Chapter 11: Mn

She wasn't planning to go to bed till she had finished marking the term papers. The OWLs wouldn't be marked by her, but they would finally come to her. For moderation if necessary.

That meant she wouldn't be able to look at the one paper that she really wanted to read through, Ms. Granger's. That strictly wasn't true. She was curious to see how Mr. Potter and Mr. Weasley had done as well, along with some of the students from the other houses, like Ravenclaw's Ms. Patil, Hufflepuff's Ms. Bones and Slytherin's Ms. Greengrass. The girls were the best in their year, in that order, though the order would often switch between Ms. Bones and Ms. Greengrass.

Mr. Potter. She wasn't sure what to make of him. At least not fully. She knew he seemed to be a prodigy in Quidditch having effortlessly taken and maintained the position of Seeker in the Gryffindor team from his first year (she had had to convince Dumbledore a fair bit to allow Mr. Potter to be a part of the team). And that trouble always seemed to follow him through every single year of study at Hogwarts.

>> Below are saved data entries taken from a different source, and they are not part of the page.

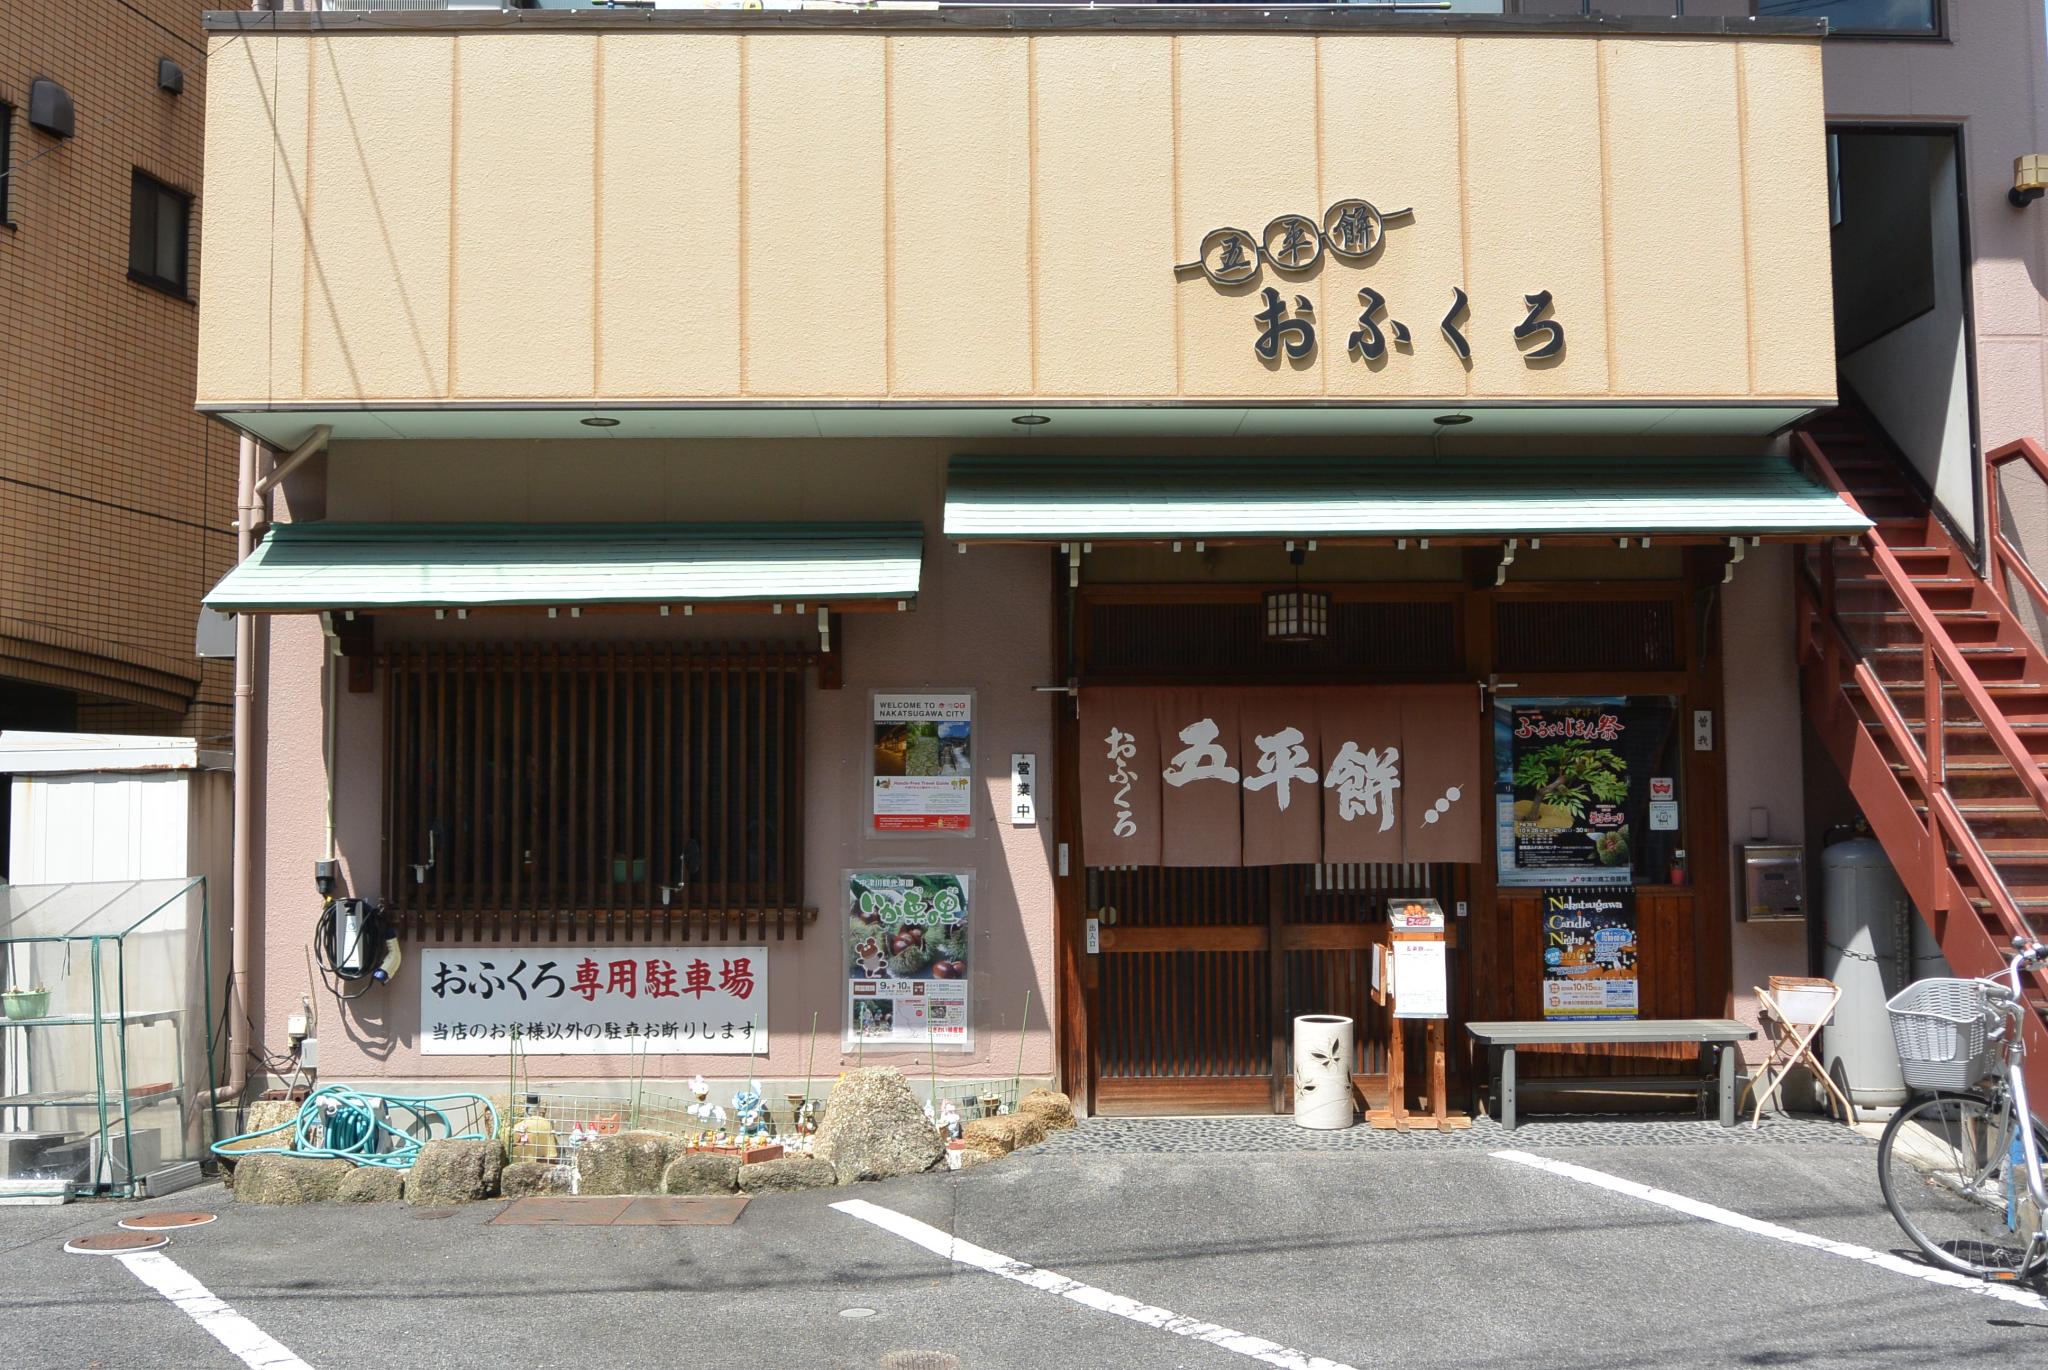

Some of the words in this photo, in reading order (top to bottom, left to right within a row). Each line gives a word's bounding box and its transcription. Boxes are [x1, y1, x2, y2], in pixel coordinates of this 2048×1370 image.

[1213, 205, 1374, 275] 五平餅
[1253, 286, 1564, 361] おふくろ
[1017, 762, 1030, 818] 営業中
[1104, 726, 1138, 838] おふくろ
[1162, 718, 1401, 833] 五平餅
[1548, 896, 1623, 912] Nakatsugawa
[1548, 915, 1591, 929] Candle
[1088, 925, 1097, 947] 出入口
[431, 957, 756, 1001] おふくろ専用駐車場
[432, 1021, 756, 1041] 当店のお客様以外の駐車お断りします
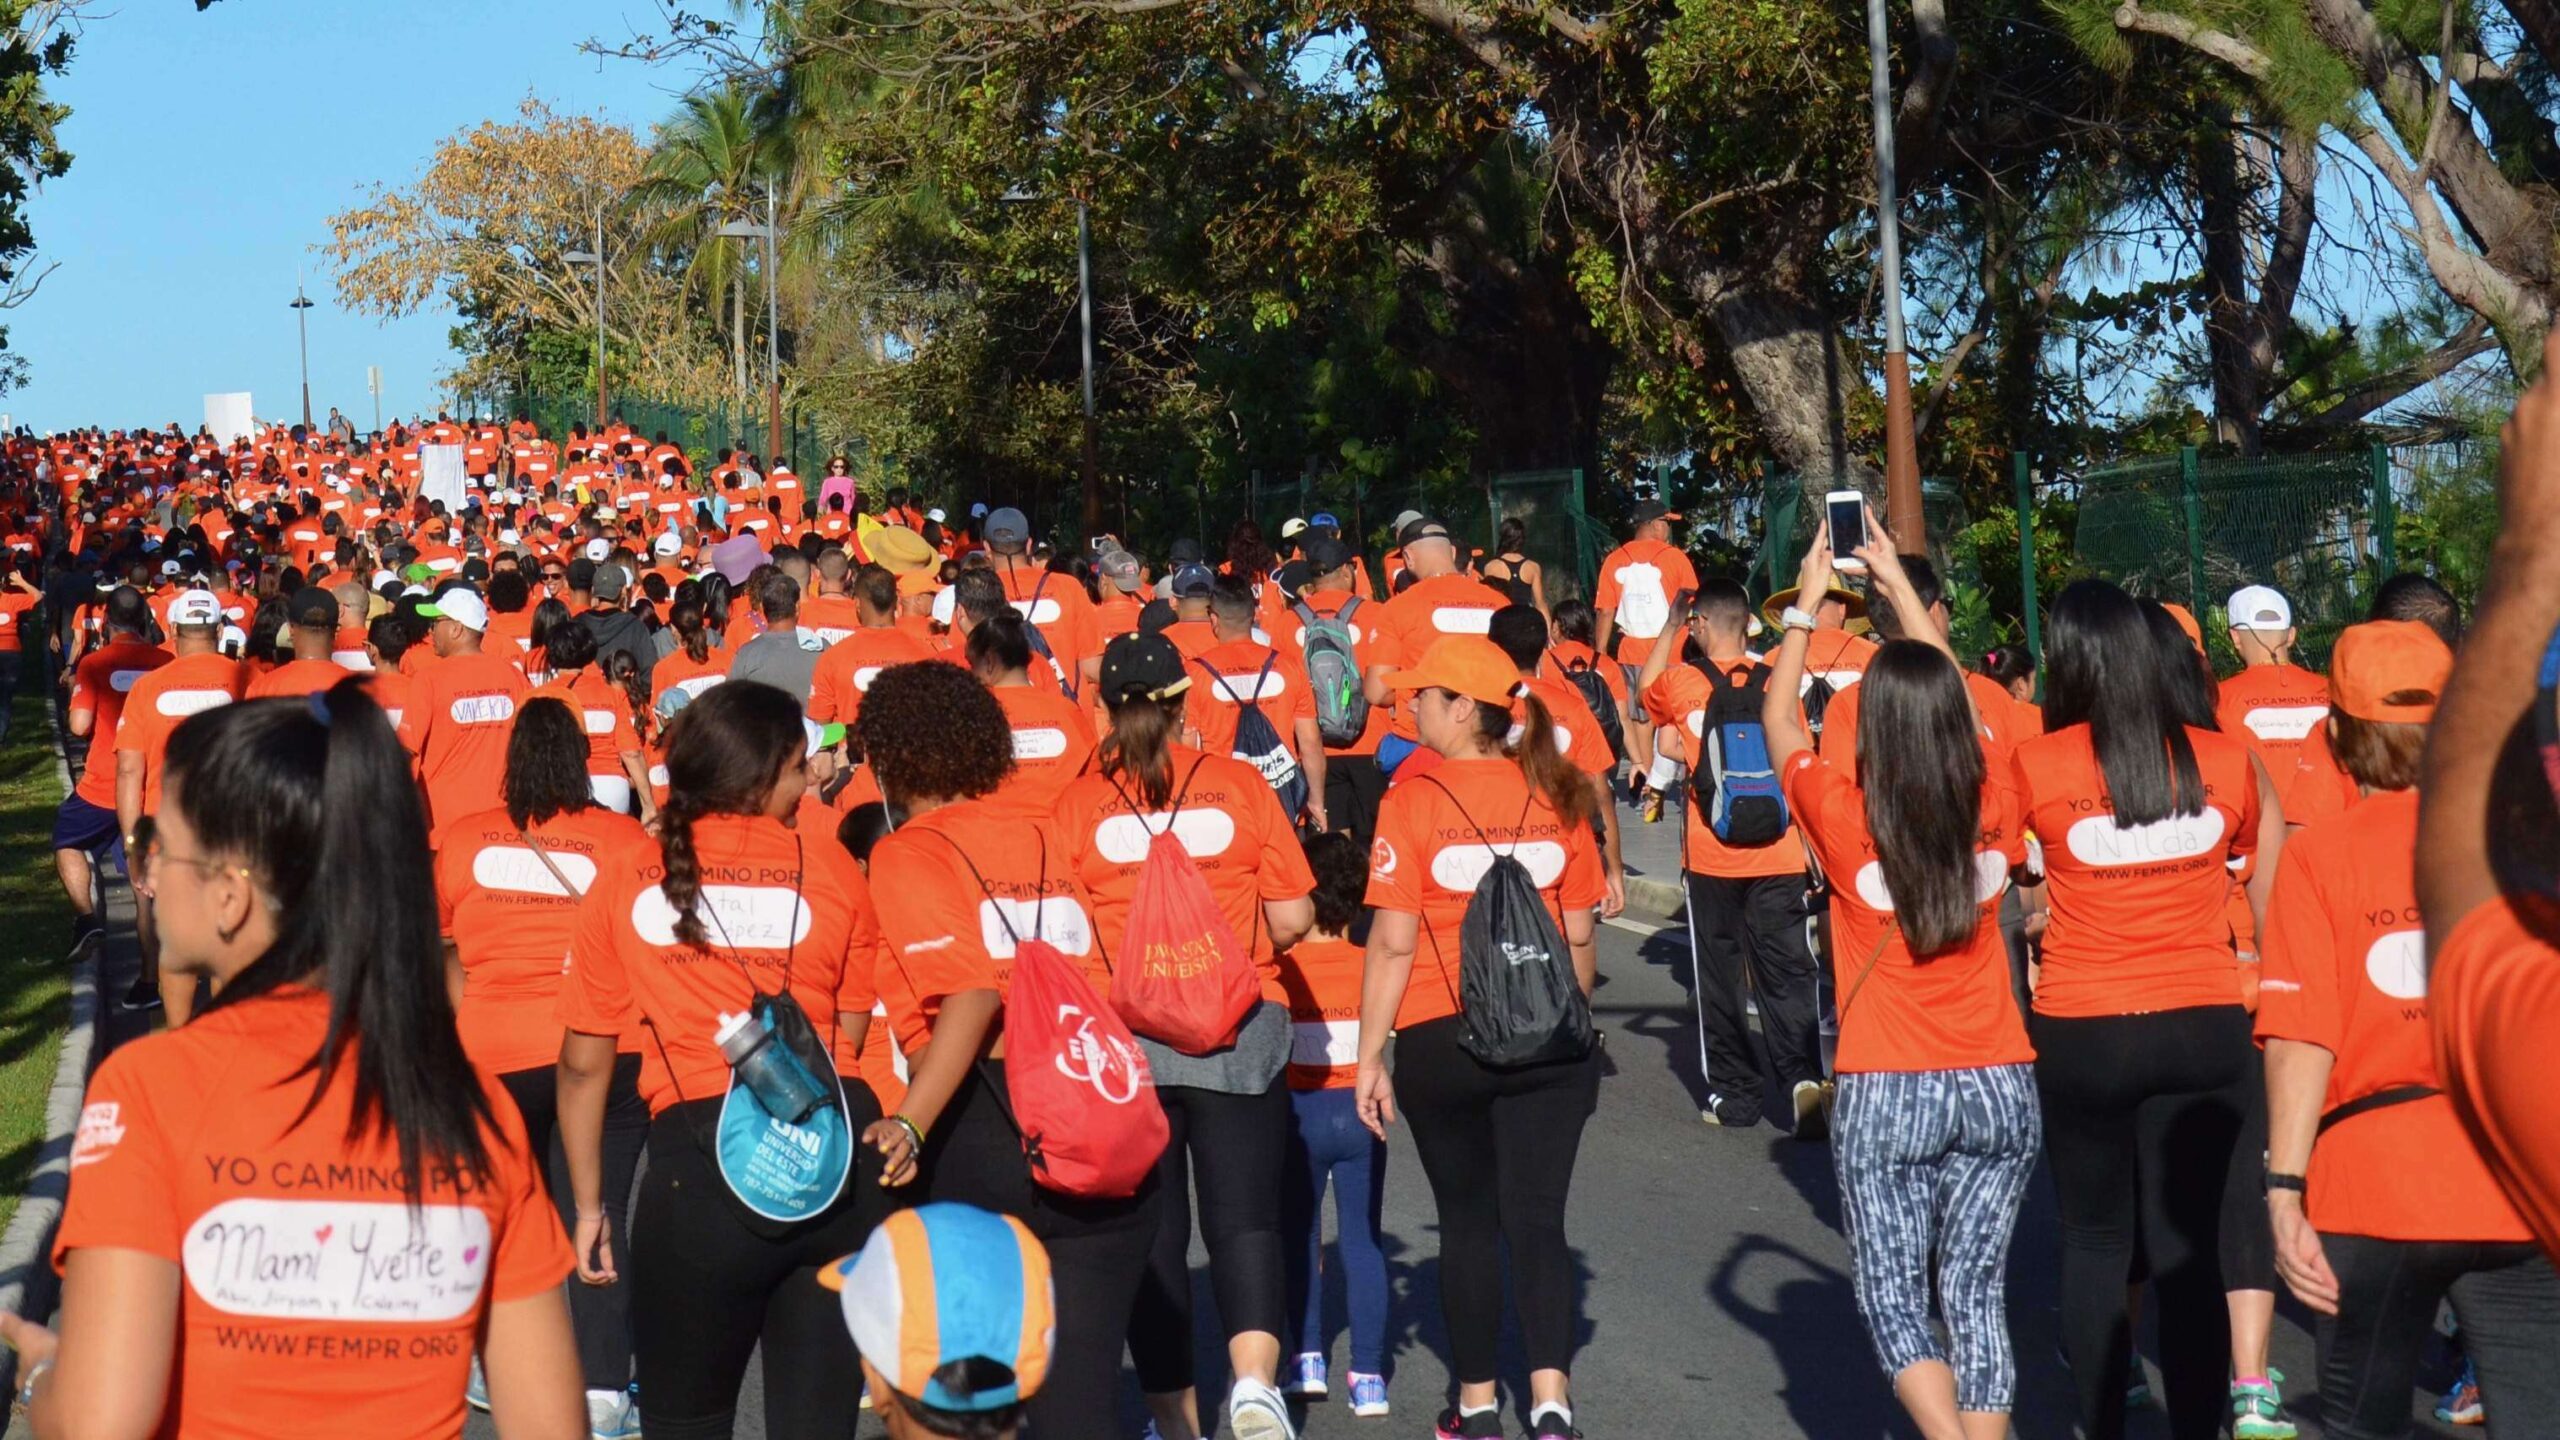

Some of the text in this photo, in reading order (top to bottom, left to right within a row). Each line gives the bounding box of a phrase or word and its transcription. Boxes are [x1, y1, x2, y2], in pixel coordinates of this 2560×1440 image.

[2244, 697, 2260, 706] YO
[2262, 696, 2308, 705] CAMINO
[1098, 801, 1118, 815] YO
[1194, 791, 1226, 804] POR
[2068, 798, 2093, 812] YO
[1437, 828, 1458, 840] YO
[1530, 823, 1560, 836] POR
[481, 831, 500, 842] YO
[565, 839, 595, 854] POR
[637, 866, 803, 884] YO MINO POR
[2365, 908, 2396, 928] YO
[205, 1155, 257, 1186] YO
[271, 1161, 411, 1194] CAMINO
[203, 1219, 446, 1305] Mami Yvette
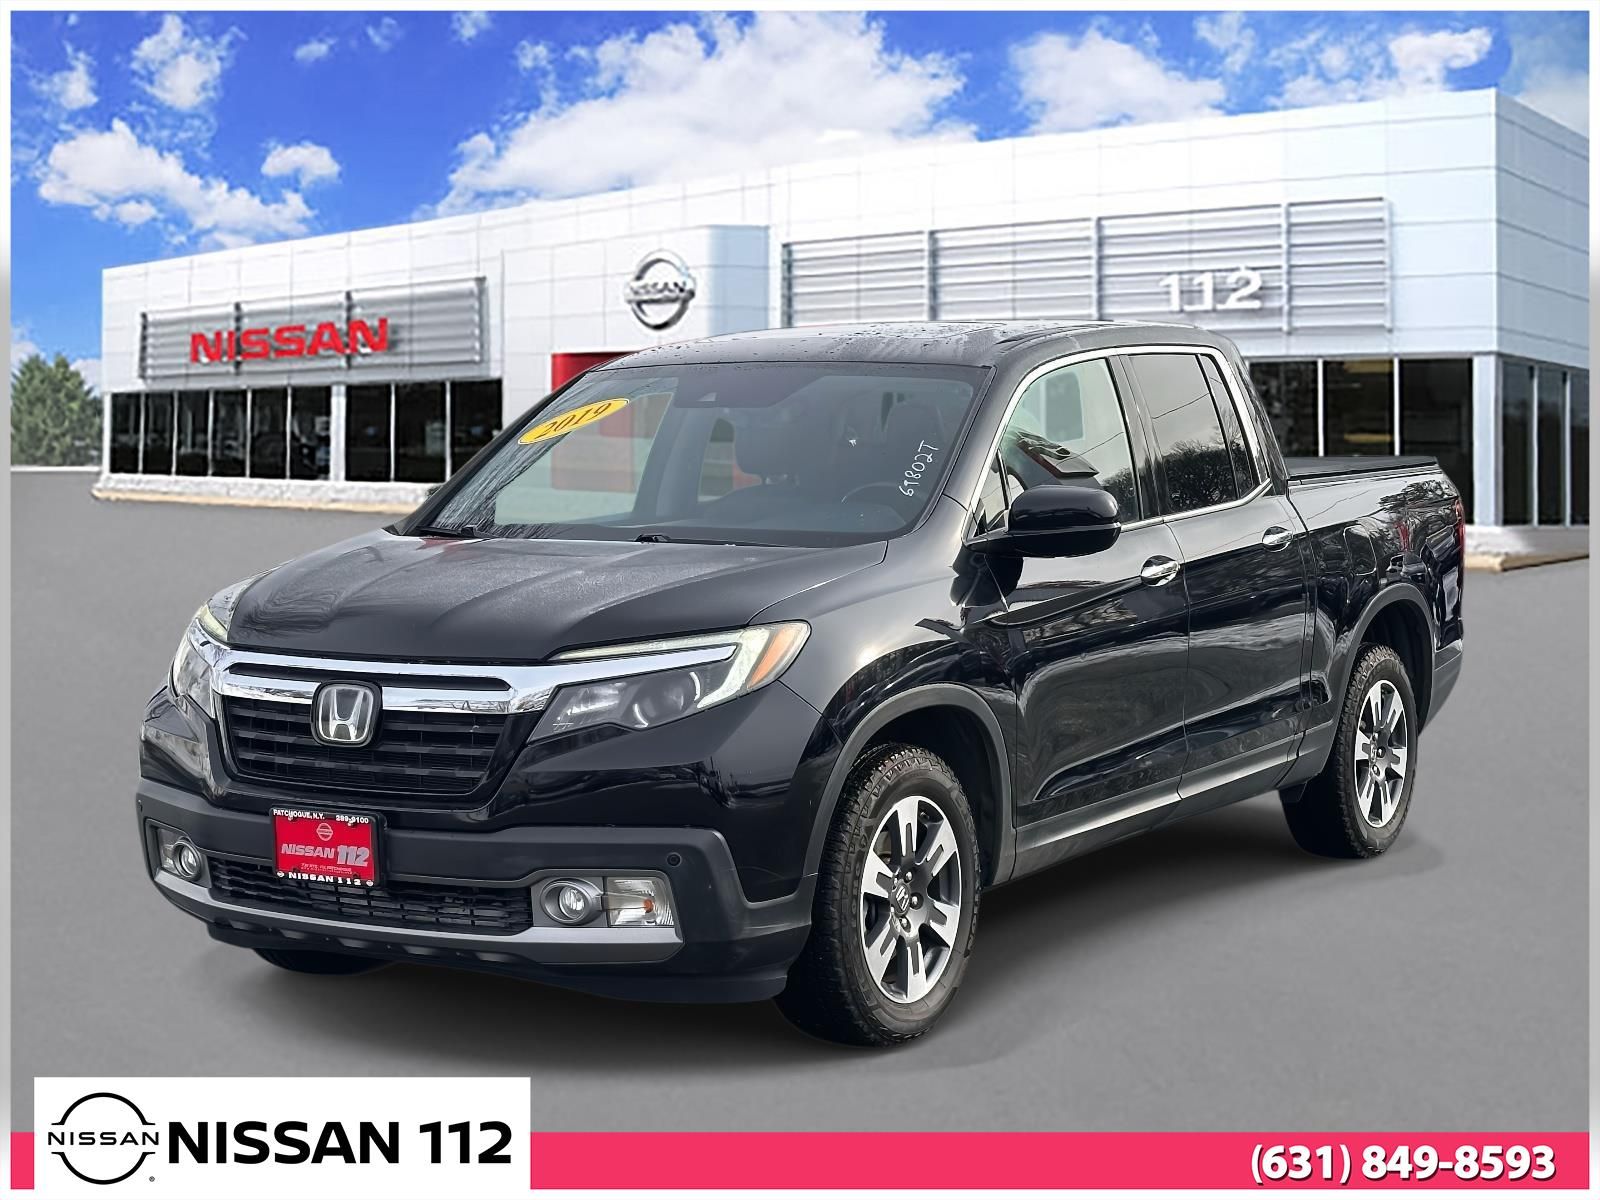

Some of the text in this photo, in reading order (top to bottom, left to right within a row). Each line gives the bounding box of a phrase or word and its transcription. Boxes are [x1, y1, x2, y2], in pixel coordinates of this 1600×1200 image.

Her cheeks tinged pink in embarrassment as she realized how she had dismissed the claims of Mr. Potter, Ms. Granger and Mr. Weasley on the Philosopher's Stone without investigating it further. In the end, they had been proven to be right.

Next came the Chamber of Secrets fiasco where Mr. Potter had been branded the Heir of Slytherin and had been shunned by most of the school. Again, she hadn't done anything to aid his cause. Her only defence (however weak it sounded) was that Mr. Potter seemed to be caught at the wrong place at the wrong time nearly every time that happened. The time her doubt had truly been removed from the mind had been when Ms. Granger had been petrified and it was something that she did not want to remember. Neither that nor the subsequent inaction by the staff to rescue Ms. Ginerva Weasley. The pinks of her cheeks intensified as she realized just how very nearly the teachers had condemned Ms. Weasley to her death by entrusting her rescue to that phony Lockhart as they waited for the Headmaster to rescue them from yet another impossible situation.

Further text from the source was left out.